(Annotated photo localization data)
__________

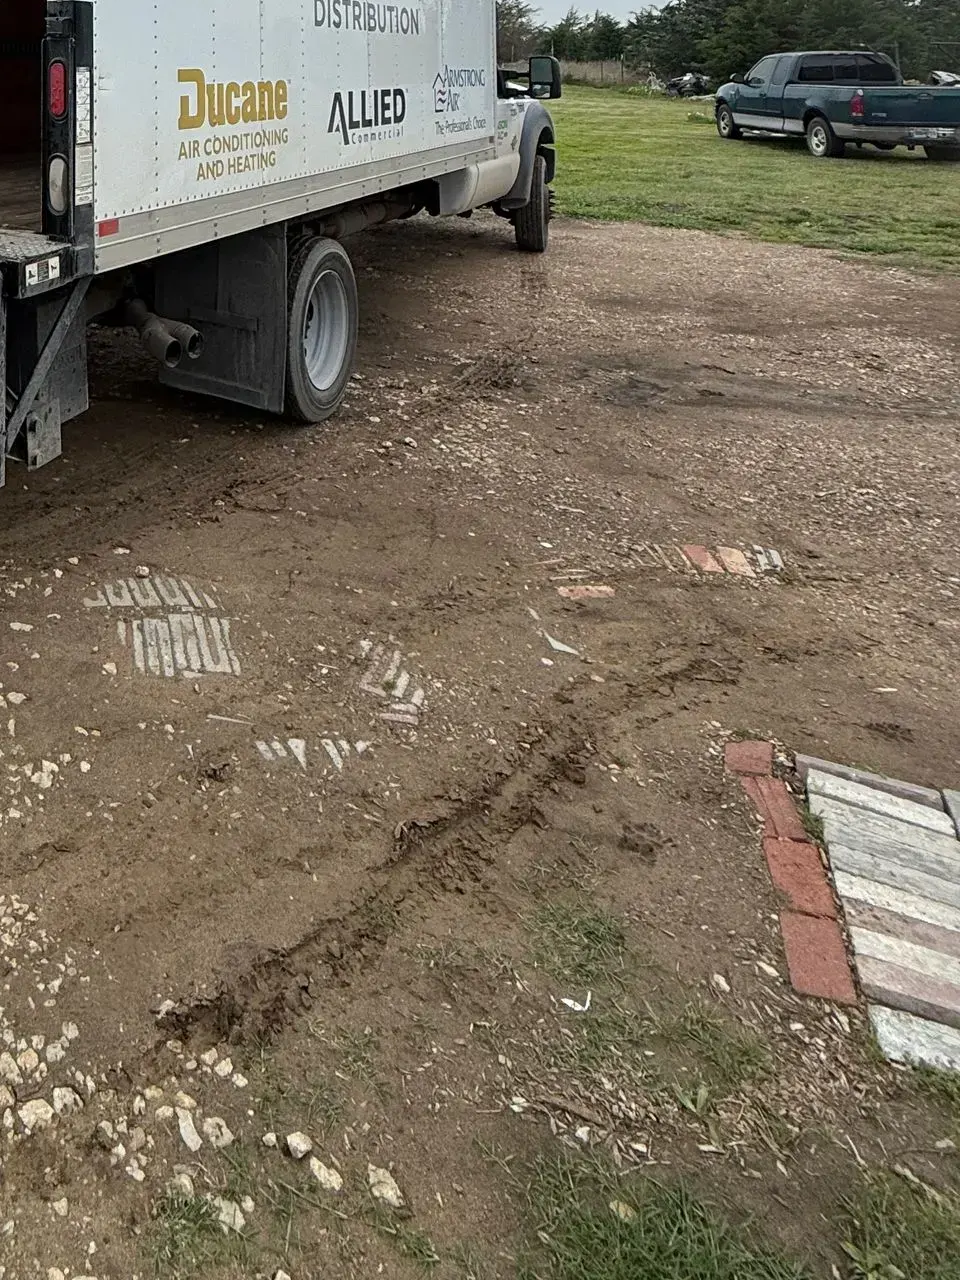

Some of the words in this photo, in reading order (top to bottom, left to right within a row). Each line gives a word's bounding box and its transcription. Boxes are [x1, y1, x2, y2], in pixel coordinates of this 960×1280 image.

[442, 64, 486, 88] ARMSTRONG
[177, 68, 288, 131] Ducane
[327, 88, 406, 146] ALLIED
[178, 139, 201, 161] AIR
[203, 127, 289, 157] CONDITIONING
[351, 125, 404, 145] Commercial
[196, 159, 225, 182] AND
[227, 150, 277, 176] HEATING
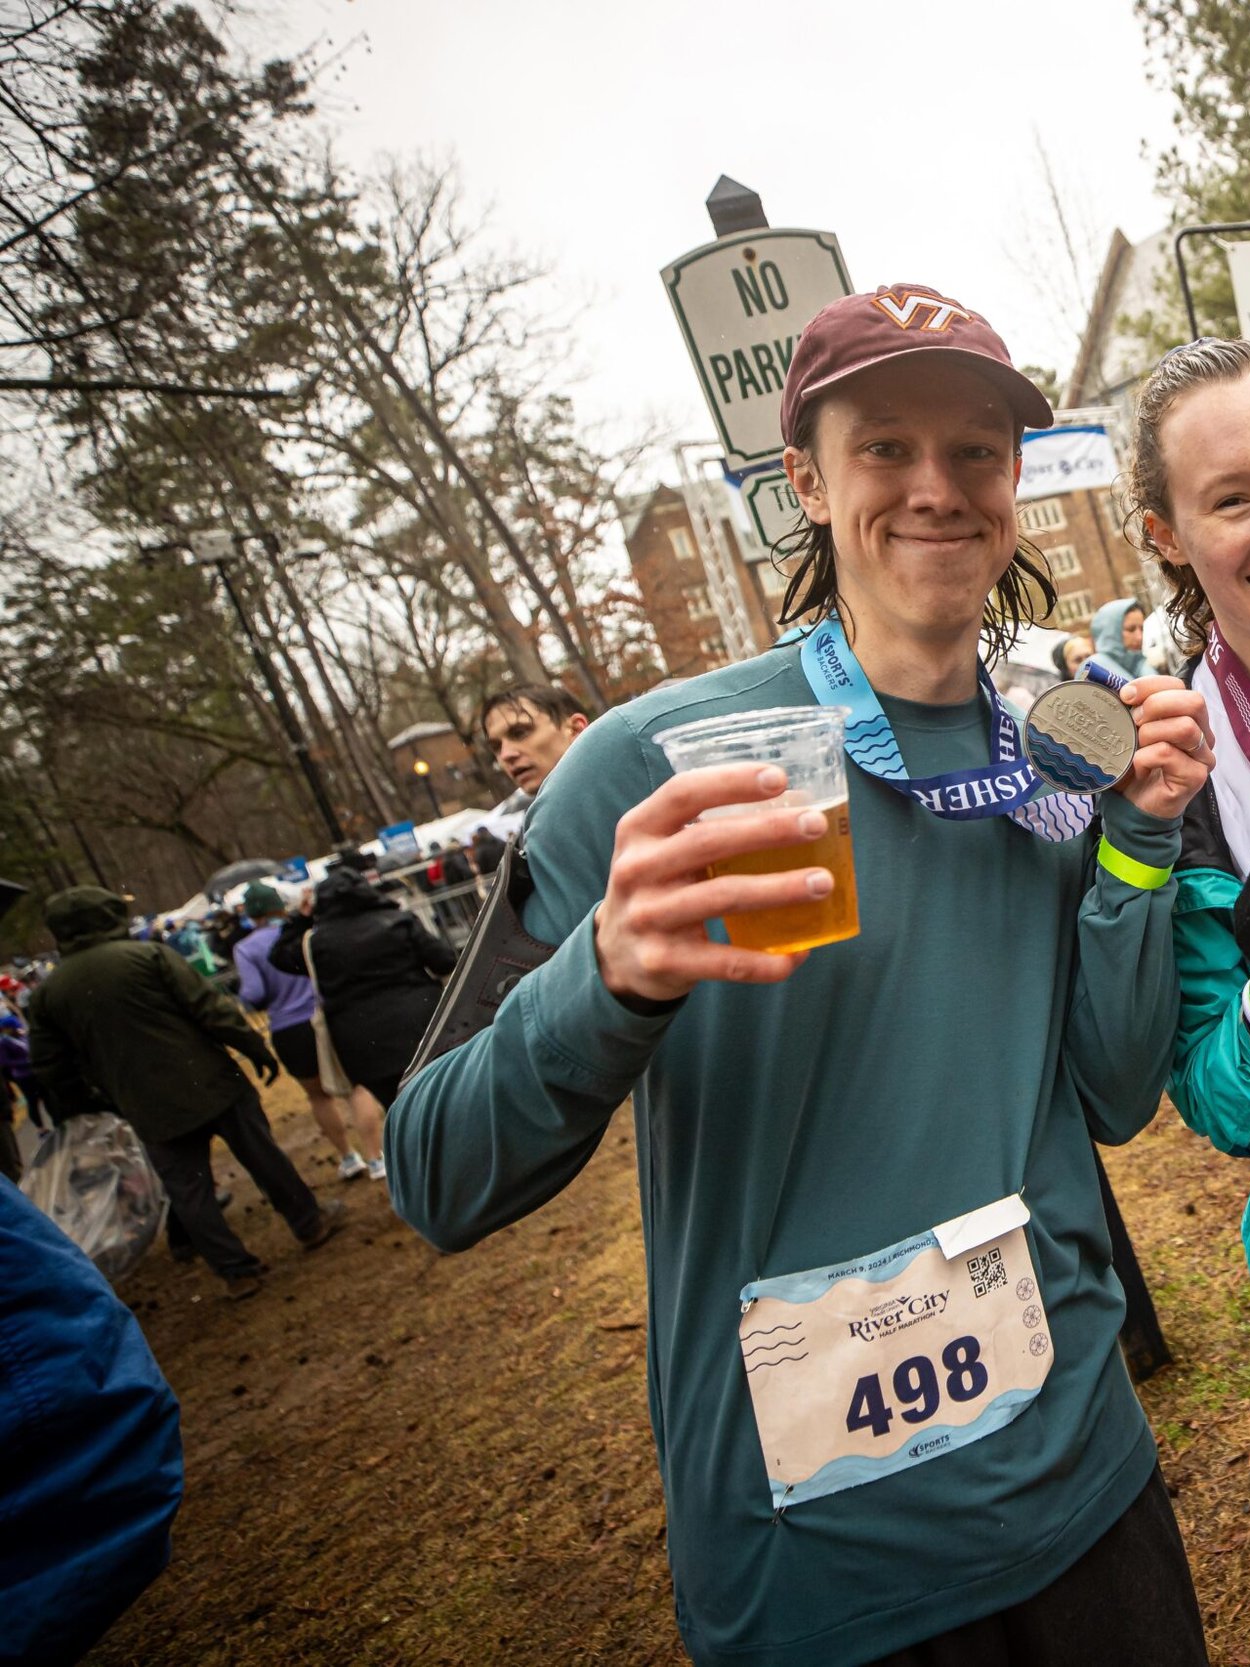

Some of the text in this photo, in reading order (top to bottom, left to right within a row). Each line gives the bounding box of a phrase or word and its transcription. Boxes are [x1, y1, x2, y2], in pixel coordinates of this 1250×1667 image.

[731, 260, 789, 317] NO
[872, 291, 972, 332] VT
[817, 656, 838, 691] BACKERS
[824, 644, 851, 687] SPORTS
[828, 1269, 858, 1280] MARCH
[868, 1258, 888, 1270] 2024
[848, 1289, 950, 1342] River City
[879, 1311, 936, 1338] HALF MARATHON
[846, 1335, 989, 1437] 498
[919, 1434, 950, 1452] SPORTS

__________

Problem to solve | Each entry should be copied exactly as written, though any pictures stay out.

Answer below |
Some of the words in this photo, in reading order (top to bottom, left to right within a row). Each line gives a word's bounding box and its transcription. Boxes are [x1, y1, x2, y2], in pixel coordinates of this 960×1280 image.

[442, 64, 486, 88] ARMSTRONG
[177, 68, 288, 131] Ducane
[327, 88, 406, 146] ALLIED
[178, 139, 201, 161] AIR
[203, 127, 289, 157] CONDITIONING
[351, 125, 404, 145] Commercial
[196, 159, 225, 182] AND
[227, 150, 277, 176] HEATING

Some of the text in this photo, in reading order (top to bottom, left to right within a row). Each line gives the bounding box of a phrase or word and its transcription. Boxes are [x1, y1, x2, y2], in pixel coordinates of this 1250×1667 image.

[731, 260, 789, 317] NO
[872, 291, 972, 332] VT
[817, 656, 838, 691] BACKERS
[824, 644, 851, 687] SPORTS
[828, 1269, 858, 1280] MARCH
[868, 1258, 888, 1270] 2024
[848, 1289, 950, 1342] River City
[879, 1311, 936, 1338] HALF MARATHON
[846, 1335, 989, 1437] 498
[919, 1434, 950, 1452] SPORTS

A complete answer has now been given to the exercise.